Por supuesto, su aura está llena de sueños utópicos. Musk no se vende simplemente como el nerd que logró conquistar el capitalismo tardío. Su venganza no es la de Jeff Bezos levantando pesas. Él tiene una misión que no ha cambiado desde que era un pequeño niño bulleado en la Sudáfrica del Apartheid. Este hombre quiere cambiar al mundo. Sus tres misiones principales se enfocan en reducir los costos de grandes empresas humanas y cambiar por completo la forma en que percibimos la carrera espacial, el desplazamiento automovilístico y las fuentes de energía.
Todos las imágenes de Musk que pueden parecer propaganda maoísta, lo muestran con la mirada ligeramente inclinada hacia arriba, torneada, viendo a un horizonte que nosotros los mortales apenas percibimos en el brillo de sus pupilas. Musk quiere colonizar el espacio, que abandonemos el uso de combustibles fósiles y, en breve, salvar al futuro de la humanidad mientras se hace multimillonario en el intento.
¿Es esta misión un recurso de marketing? ¿Acaso Musk puede salvar a la humanidad a través del mismo sistema capitalista que la está condenando? ¿Acaso Musk es el mesías tecnológico que tanto hemos estado esperando? ¿Aquél que, finalmente, va a usar todo el progreso humano para el bien y no para la inercia de la autodestrucción?

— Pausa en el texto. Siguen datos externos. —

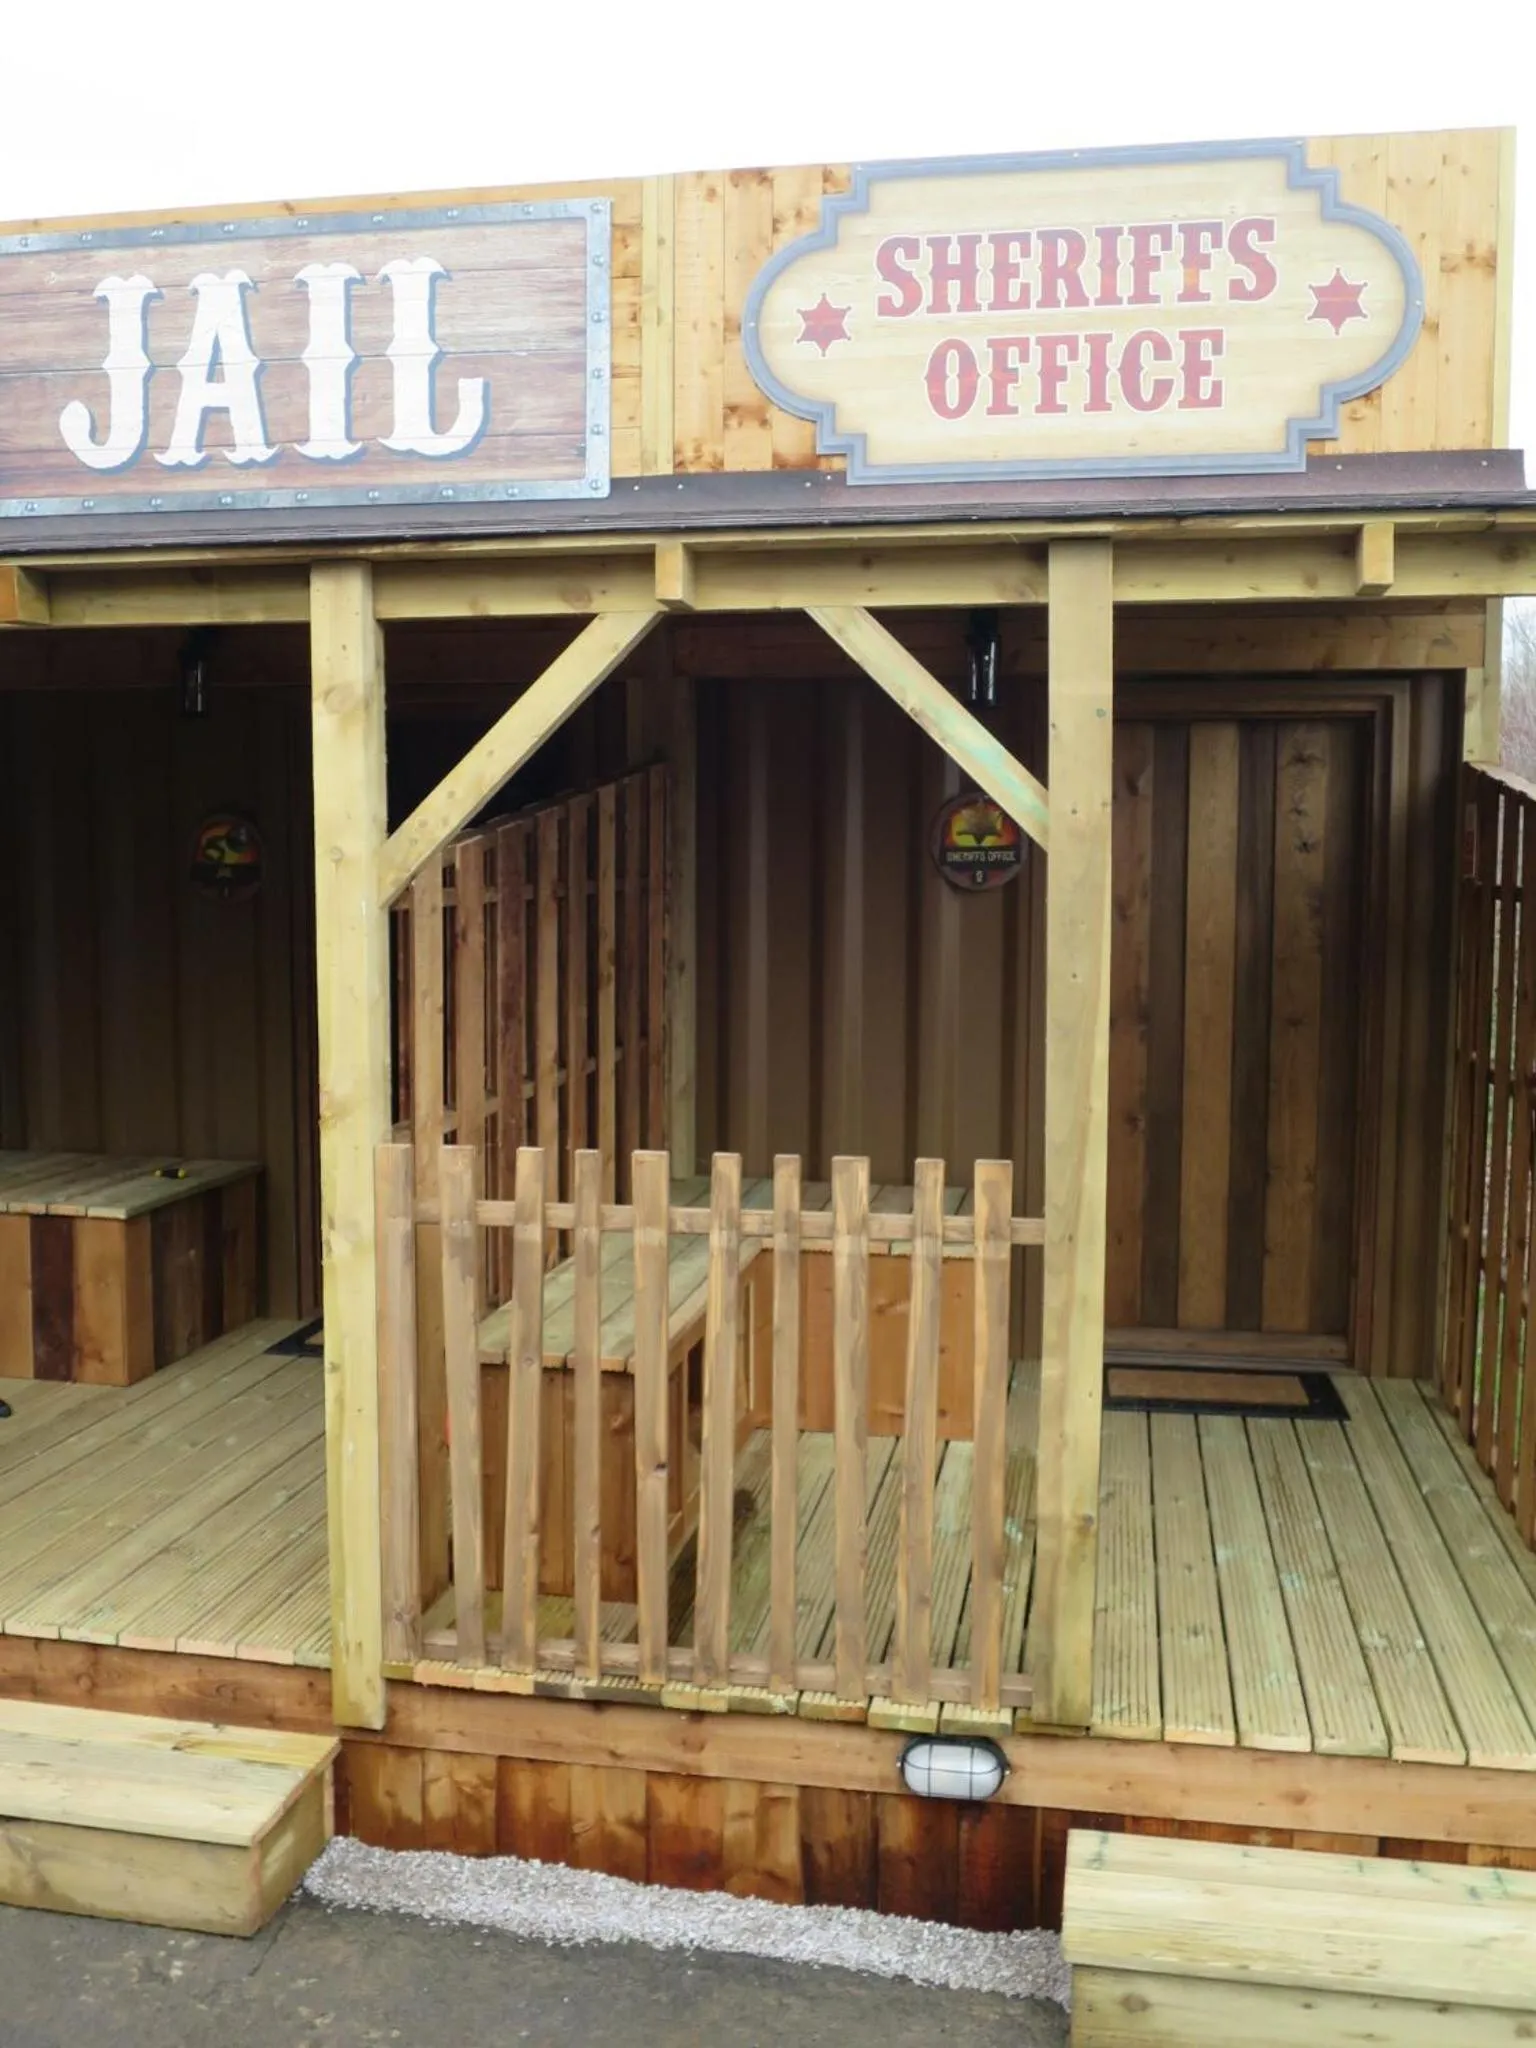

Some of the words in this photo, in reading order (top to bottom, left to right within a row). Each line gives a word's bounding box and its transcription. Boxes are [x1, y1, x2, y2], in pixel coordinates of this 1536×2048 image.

[876, 217, 1278, 318] SHERIFFS
[58, 256, 491, 474] JAIL
[923, 328, 1226, 420] OFFICE

Como pueden imaginarse, es demasiado pronto para saberlo. Lo único que podemos hacer, por el momento, es reflexionar sobre esta polémica figura y preguntarnos sobre por qué decidimos creer, una y otra vez, en nuevos mesías. La figura de Musk es tan culturalmente importante por cómo reaccionamos frente a ella, cómo causa admiración, encono, odio y amor. Musk, finalmente, comprendido como mito, habla mucho de cómo percibimos el futuro y cómo nos imaginamos en él.
El mesías libertario
El mito de Elon Musk empieza mucho antes de su nacimiento. Su abuelo materno, Joshua Norman Haldeman era una figura más grande que la vida. Un hombre de casi dos metros que perdió todo su dinero en la gran depresión de los años treinta, que tuvo que ceder sus tierras de cultivo para convertirse en un obrero de la construcción, un artista de rodeo y un quiropráctico antes de encontrar fortuna y asentarse, por algunos años, en una ciudad perdida en el centro de Canadá.
Ahí, se convirtió en una figura prominente en la política. Un hombre de convicciones fuertes, Haledman creía en la vieja moral canadiense, prohibía la Coca Cola en su casa, las groserías y el tabaco. Su familia creció y él se enriqueció con su práctica de quiropráctico y gracias a la escuela de baile de su esposa. Pero pronto lo dejó todo atrás por una ferviente pasión de aventura.
Además de sus múltiples dotes como quiropráctico, político y moralista, Haldeman era un piloto de aviones dotado. En los albores de los años cincuenta, vendió todo lo que tenía en Canadá, desarmó su avión, lo guardó en cajas y mandó todo a Sudáfrica, un país que no conocía en absoluto. Desde ahí, llevó a su numerosa familia en avión a recorrer el continente africano. En alguna ocasión, con su esposa, viajó desde Sudáfrica hasta Noruega y de Sudáfrica hasta Australia. En varias ocasiones, por supuesto, estuvieron al borde de la muerte. Hasta que, finalmente, Haldeman se rompió el cuello en un accidente aéreo en 1974.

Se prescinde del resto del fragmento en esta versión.